_Your assignment_
Copy out all the lines of the data precisely, omitting any pictures.

Stored data entries:

•••

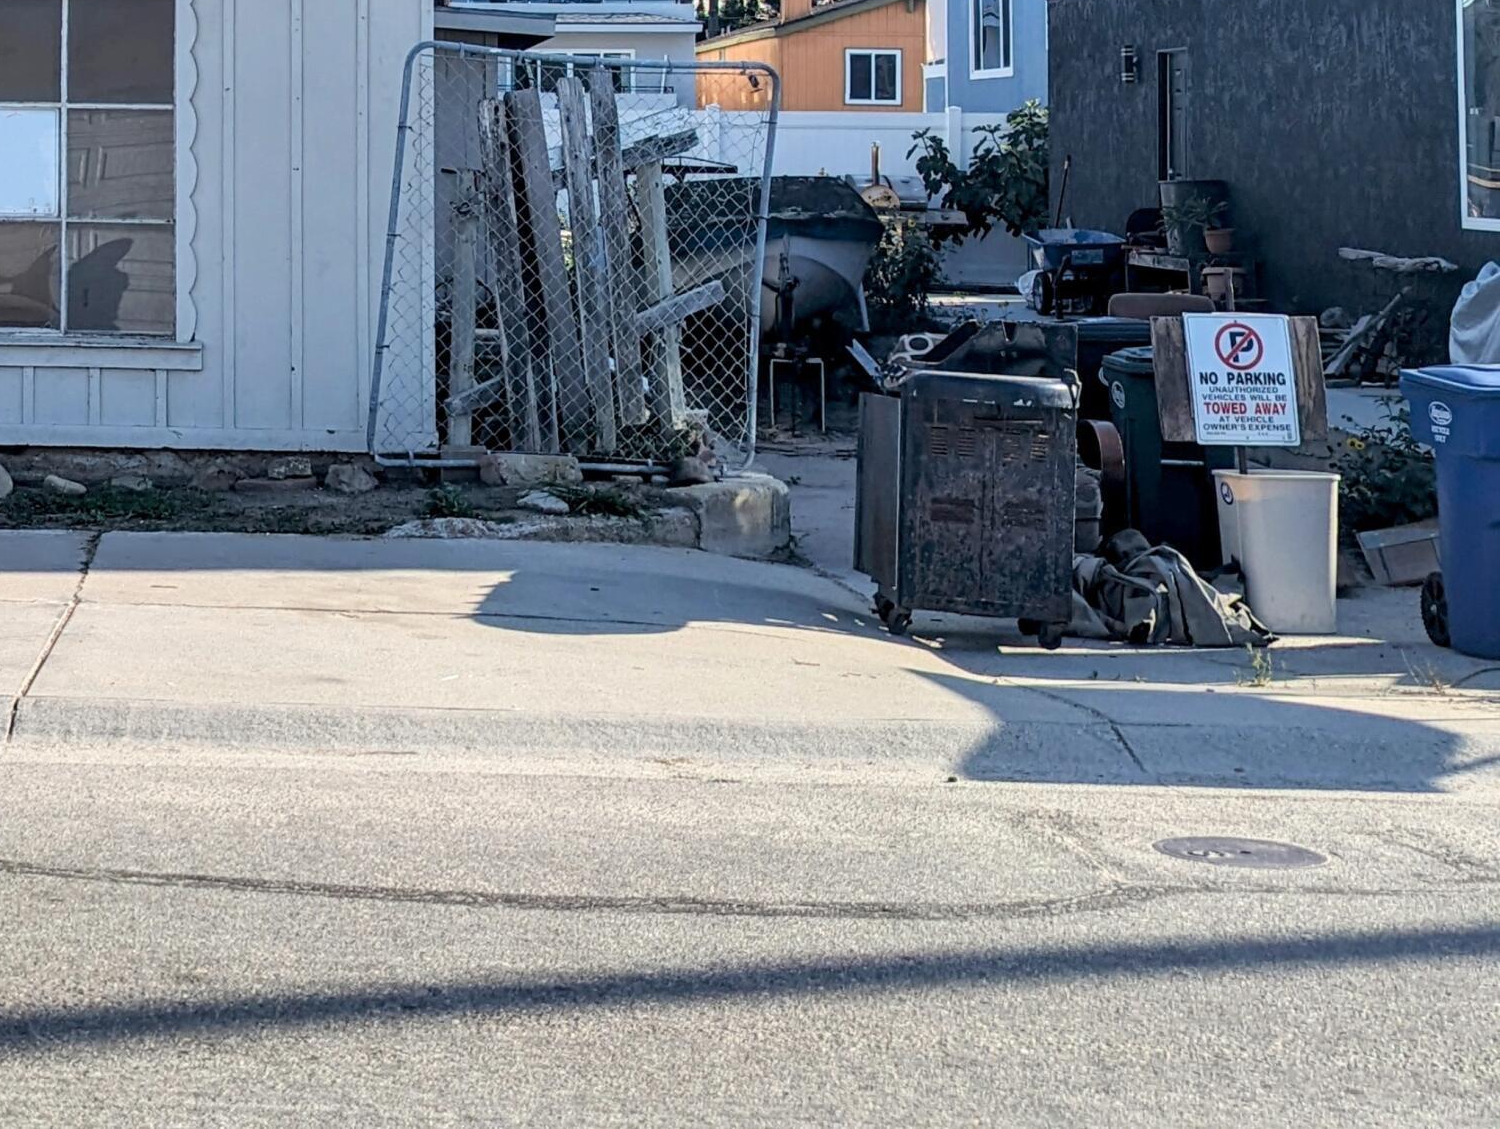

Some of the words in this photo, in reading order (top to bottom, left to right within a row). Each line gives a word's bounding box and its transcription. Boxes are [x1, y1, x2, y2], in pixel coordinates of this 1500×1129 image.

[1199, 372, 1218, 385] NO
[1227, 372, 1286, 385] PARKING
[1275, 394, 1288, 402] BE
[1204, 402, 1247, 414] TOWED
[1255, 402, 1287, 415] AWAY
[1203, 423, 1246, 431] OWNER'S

•••

_Answer below_
Some of the words in this photo, in reading order (top to bottom, left to right within a row). Each line gives a word's bounding box and its transcription. Boxes are [x1, y1, x2, y2], in pixel coordinates of this 1500×1129 image.

[1199, 372, 1218, 385] NO
[1227, 372, 1286, 385] PARKING
[1275, 394, 1288, 402] BE
[1204, 402, 1247, 414] TOWED
[1255, 402, 1287, 415] AWAY
[1203, 423, 1246, 431] OWNER'S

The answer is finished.